The benchmark yield closed three basis points down on Wednesday at 7.03% after the market cheered a less than expected hawkish tone of the Reserve Bank of India (RBI) on inflation. The central bank indicated in its policy statement that inflation is estimated in the range of 4.3-4.7% in the third and fourth quarters of the year, including the house rent allowance (HRA) effect of up to 35 basis points, with risks evenly balanced. This estimate is just 10 basis points higher than what was indicated in the October policy. The market had its reasons to factor-in a more hawkish tone. Oil prices continue to remain above the $60 levels and the OPEC’s decision to extend its production cuts till the end of next year only added to the worries.

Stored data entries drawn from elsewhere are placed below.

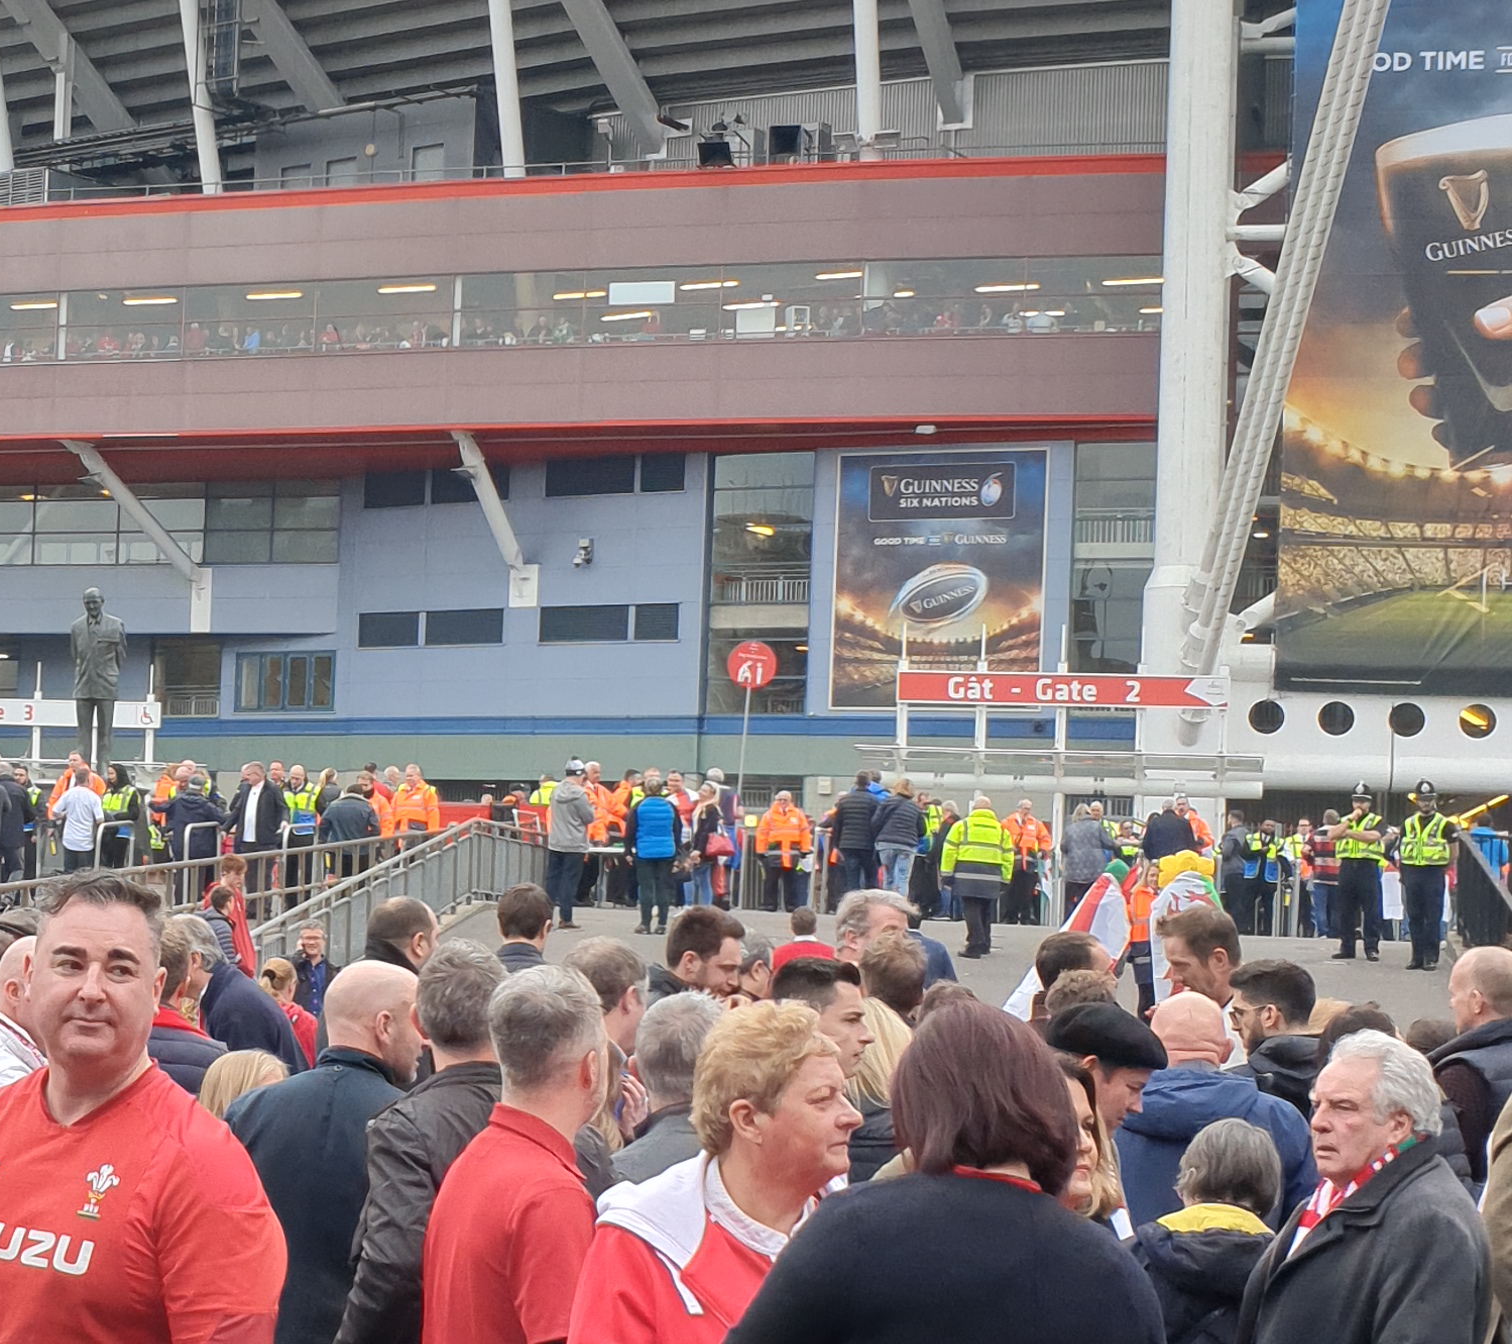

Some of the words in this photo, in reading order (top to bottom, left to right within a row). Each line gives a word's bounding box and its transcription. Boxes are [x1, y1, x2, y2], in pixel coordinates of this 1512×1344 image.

[1372, 51, 1413, 72] OD
[1419, 50, 1485, 71] TIME
[899, 478, 979, 494] GUINNESS
[899, 498, 919, 508] SIX
[922, 496, 979, 508] NATIONS
[947, 676, 994, 701] Gât
[1035, 678, 1098, 702] Gate
[1125, 680, 1141, 702] 2
[24, 705, 34, 721] 3

The RBI did mention that inflation will be affected by factors like HRA and oil prices. However, it also stated a few positives, including the fact that despite the recent increase in prices of vegetables, some seasonal moderation is expected in the coming months as the winter farm output arrives. Badrish Kulhalli, head- Fixed Income at HDFC Standard Life Insurance Company, points out that despite concerns emanating from higher crude oil prices, higher food prices and the fiscal push from the government, the RBI balanced its inflation outlook by referring to the output gap dynamics. “The tone of the policy was less ‘hawkish’ than feared, and bond yields have softened from the highs set earlier in the week,” he said.

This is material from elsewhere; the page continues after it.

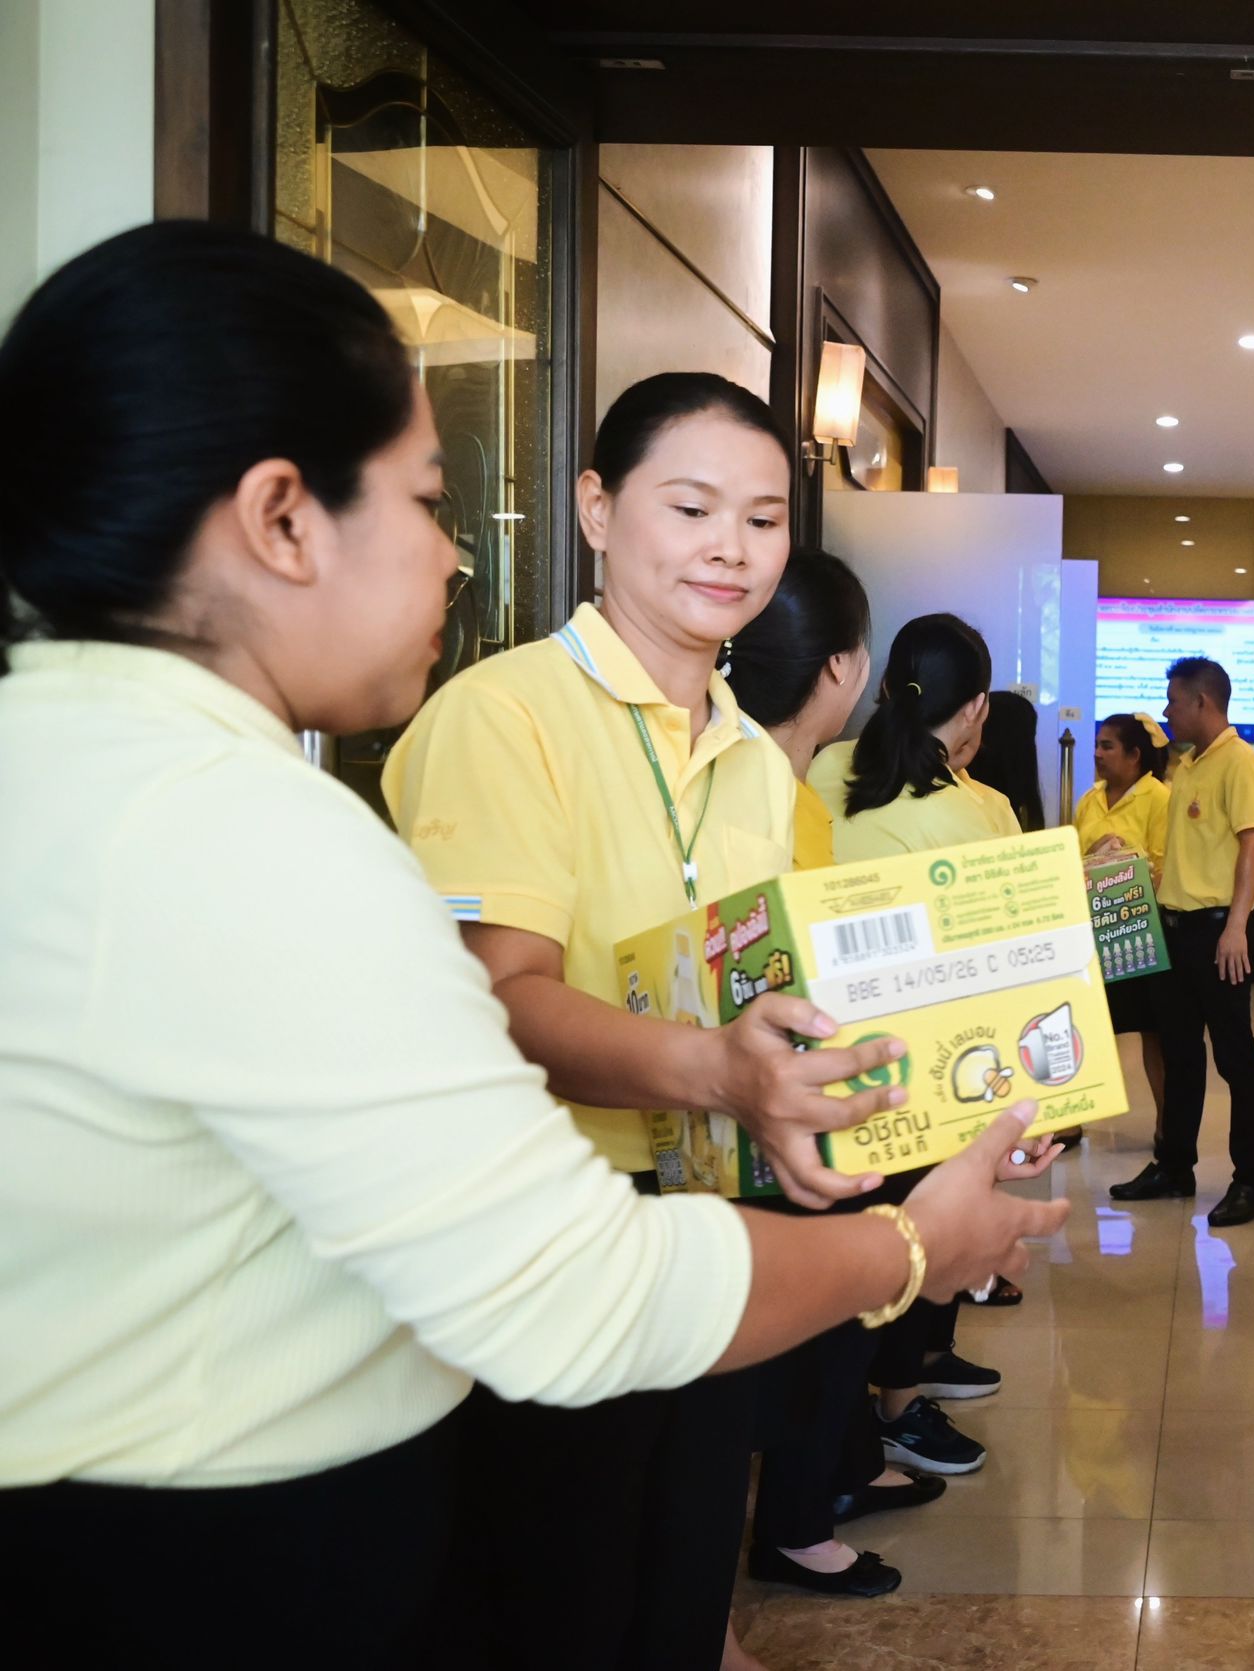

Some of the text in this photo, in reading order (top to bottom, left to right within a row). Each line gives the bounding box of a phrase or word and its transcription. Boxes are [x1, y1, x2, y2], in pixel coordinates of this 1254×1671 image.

A section of the market also believes that the central bank is unlikely to conduct more open market operations (OMO) sales. An OMO sale is conducted to remove excess liquidity from the system, while an OMO purchase is done to infuse liquidity into the system. A sale increases the supply of bonds in the system, which usually pushes the yield higher. RBI deputy governor Viral Acharya stated during Wednesday’s policy announcement that liquidity condition is expected to be marginally surplus by end of fiscal year 2017-18. “Given the trends in currency in circulation, it is expected that system liquidity may reach neutrality in the first half of 2018. Of course, these are projections and there are some uncertainties around these. But this is what we see as the likely outcome based on data available,” Acharya said. The central bank has conducted OMO sales worth `90,000 crore so far this fiscal, to suck out the surplus liquidity in the banking system. Sameer Narang, chief economist at Bank of Baroda, explains that the central bank’s expectation of the liquidity getting neutral in the first half of next year is indicative that further OMO sales are unlikely in the near term. “We have to take into account that the RBI had cancelled an OMO sale recently. This shows that the regulator may not be too uncomfortable with the current levels of liquidity,” Narang asserted.